New plan could radically change Memphis City Schools - WMC Action News 5 - Memphis, Tennessee

Reported by Andrew Douglas

New plan could radically change Memphis City Schools

The MCS funding fight was only one part of a busy day for the Memphis Mayor.

What began as one meeting turned completely in another direction.

In the span of a few minutes with city attorneys on hand, a new plan was introduced that change the face of the district, dissolve the school board, save city taxpayers millions of dollars, and fund the children of the school system.

The City council meeting began with the mayor saying the Memphis city school system could collapse if the council eliminates funding.

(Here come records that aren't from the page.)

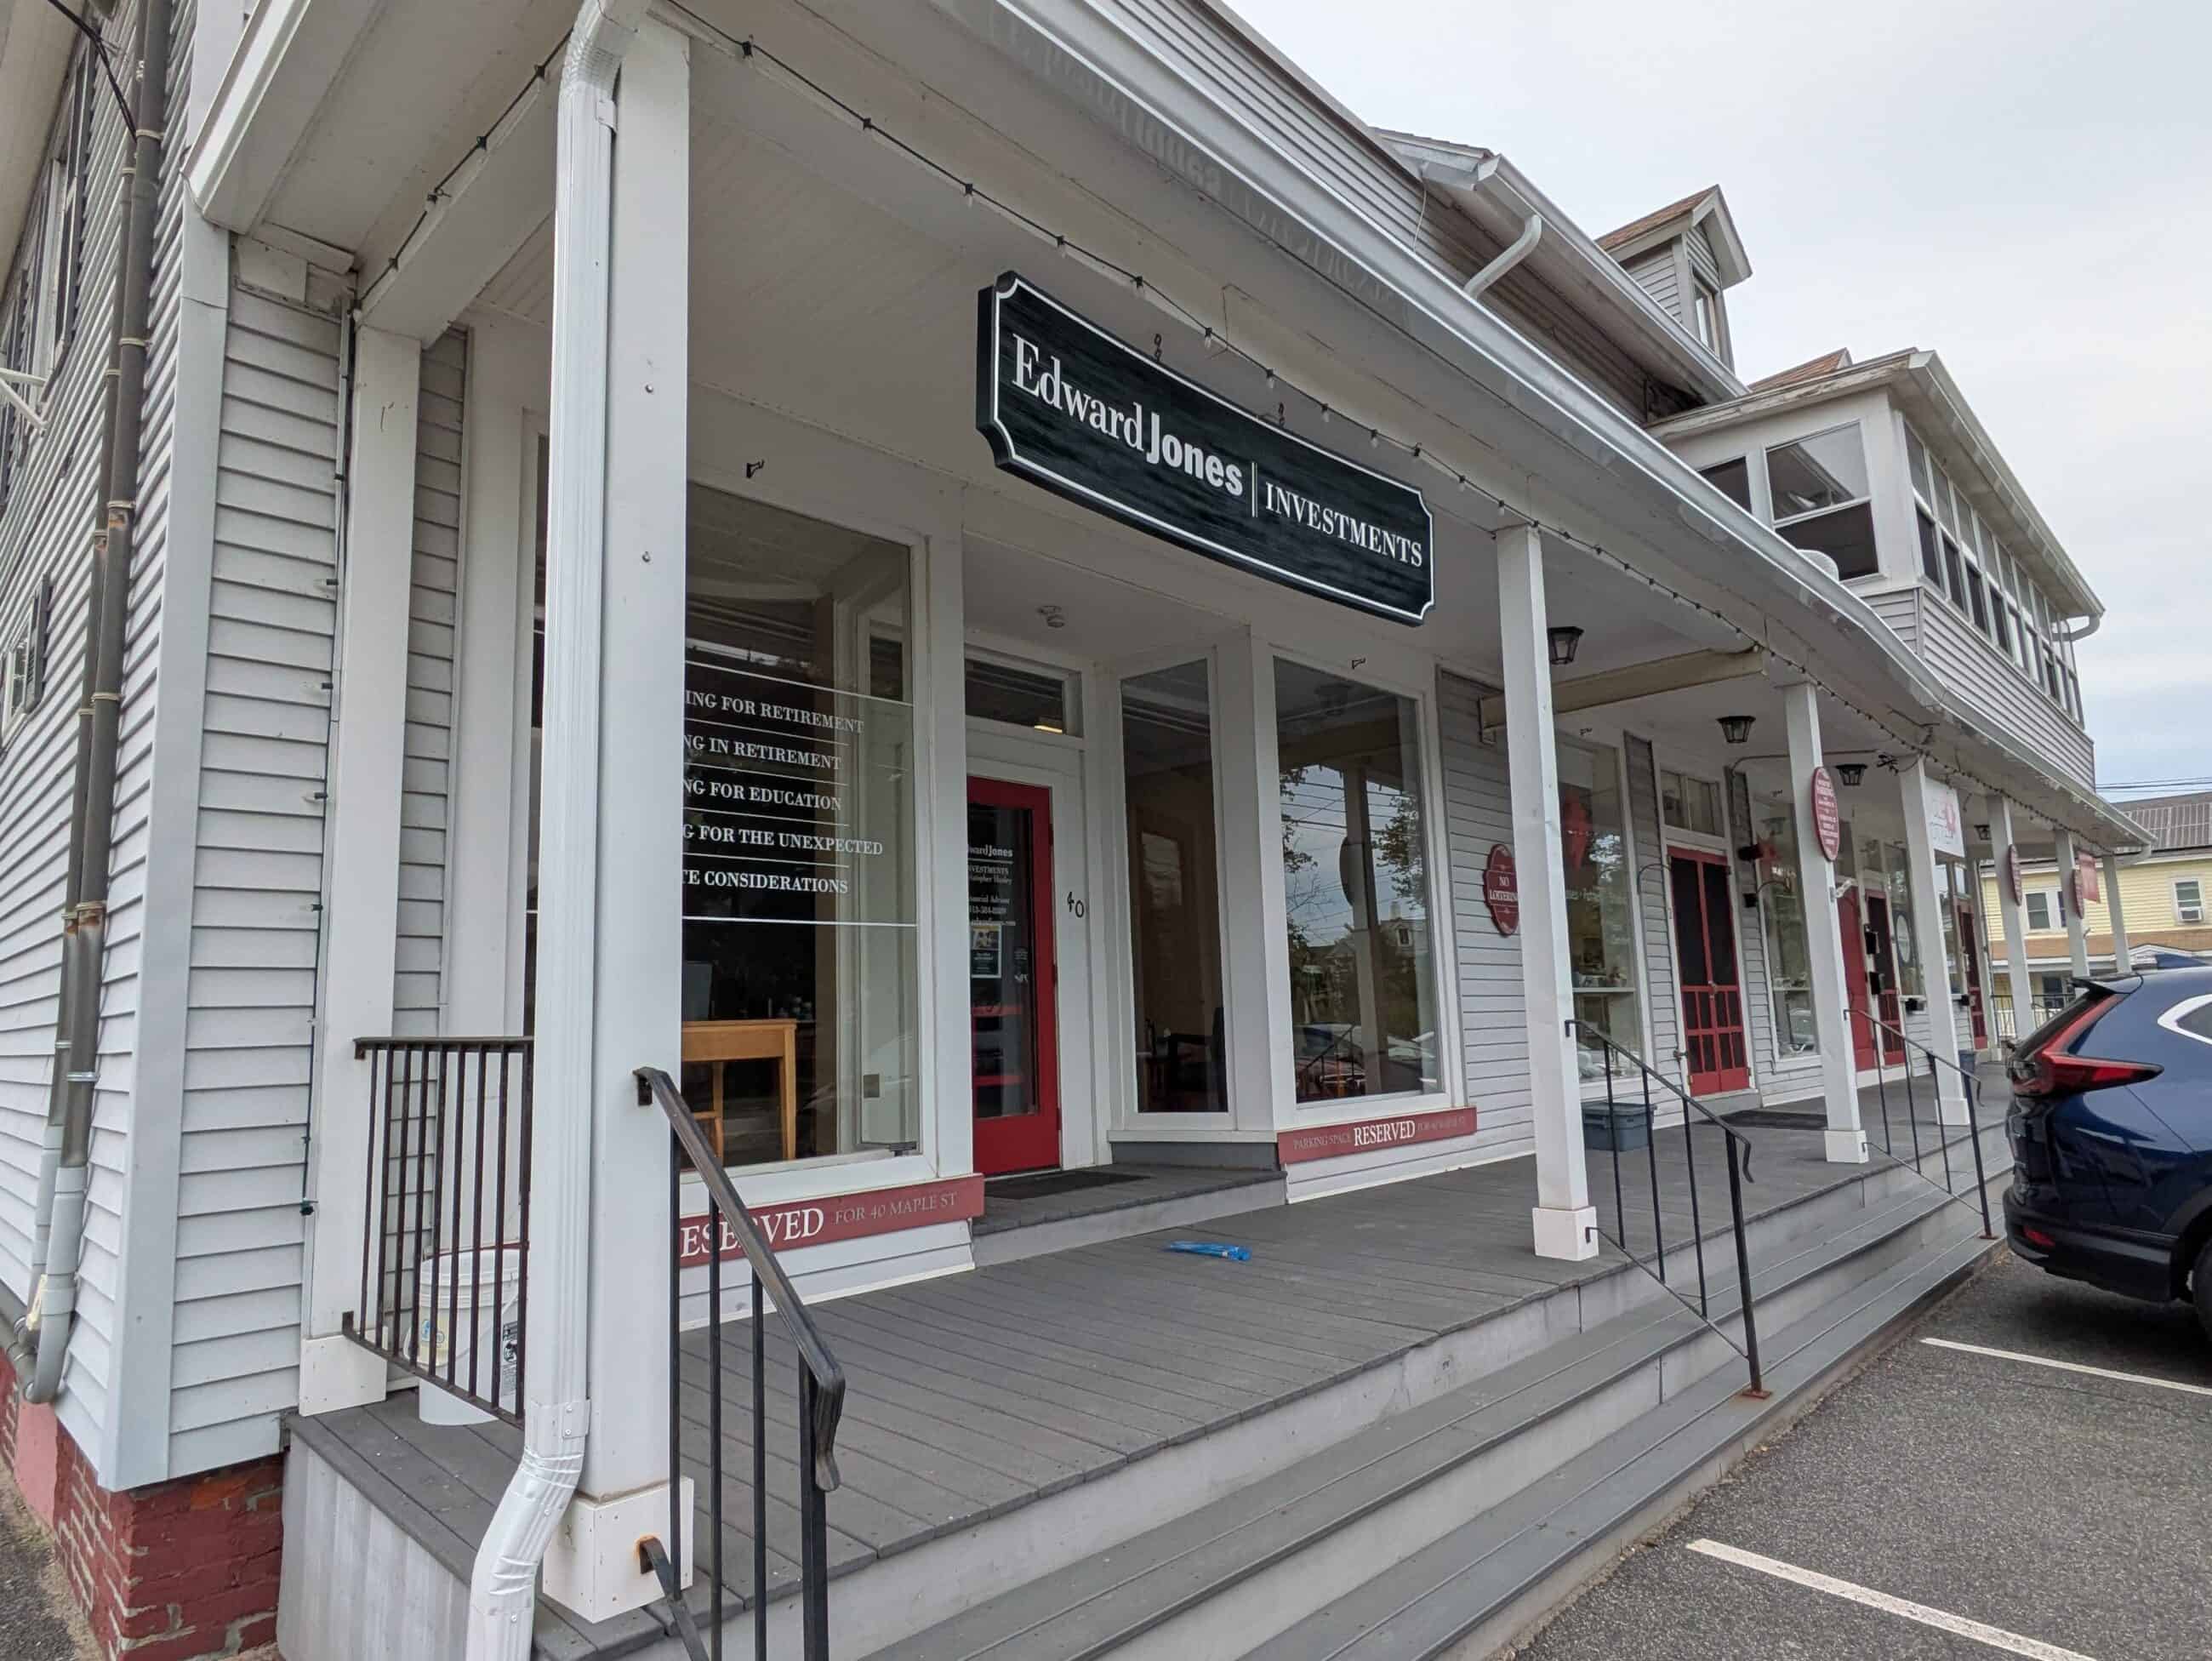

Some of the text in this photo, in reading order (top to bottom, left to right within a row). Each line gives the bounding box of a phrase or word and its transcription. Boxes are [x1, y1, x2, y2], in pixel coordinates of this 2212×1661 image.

[1265, 482, 1423, 568] INVESTMENTS
[721, 695, 756, 716] FOR
[761, 703, 864, 733] RETIREMENT
[710, 737, 729, 755] IN
[734, 740, 842, 770] RETIREMENT
[710, 781, 745, 801] FOR
[750, 786, 842, 811] EDUCATION
[698, 825, 735, 843] FOR
[738, 829, 775, 847] THE
[778, 832, 883, 856] UNEXPECTED
[704, 870, 848, 894] CONSIDERATIONS
[1067, 892, 1085, 918] 40
[1354, 1120, 1416, 1146] RESERVED
[680, 1192, 958, 1259] ESEVED FOR 40 MAPLE ST

"I want us to avert lawsuits among governmental agencies and I want us to avert any state withholding of funding," Herenton said.  

But City council attorney Allan Wade brought up another scenario that caught everyone off-guard, including the mayor.
"We're talking about some heavy stuff here," Herenton said.  
What is the council considering? Eliminating  funding for the school system.

The state would then no longer recognize the Memphis City School Board and would hand over the city's school funding to Shelby County.

The County could then contract with a government agency like the city of Memphis to operate the school system.

In other words the county would be the sole distributor of school funding.

Some council members openly began supporting the idea.

"That process will work out well for the taxpayers of Memphis and for the students of the Memphis city school system. It will be funded through soul source funding through one tax base," commissioner Bill Morrison said.

"We're overtaxed. This might be an opportunity for us to really do something about saving the citizens the money and giving them a tax decrease," commissioner Harold Collins said.

Four years ago the mayor wanted this.  After Thursday's meeting, Herenton reserved judgement about the proposal
"This is complicated. It's not simple. This is complicated," Herenton said.

A complicated issue that will have to work itself out by next Tuesday.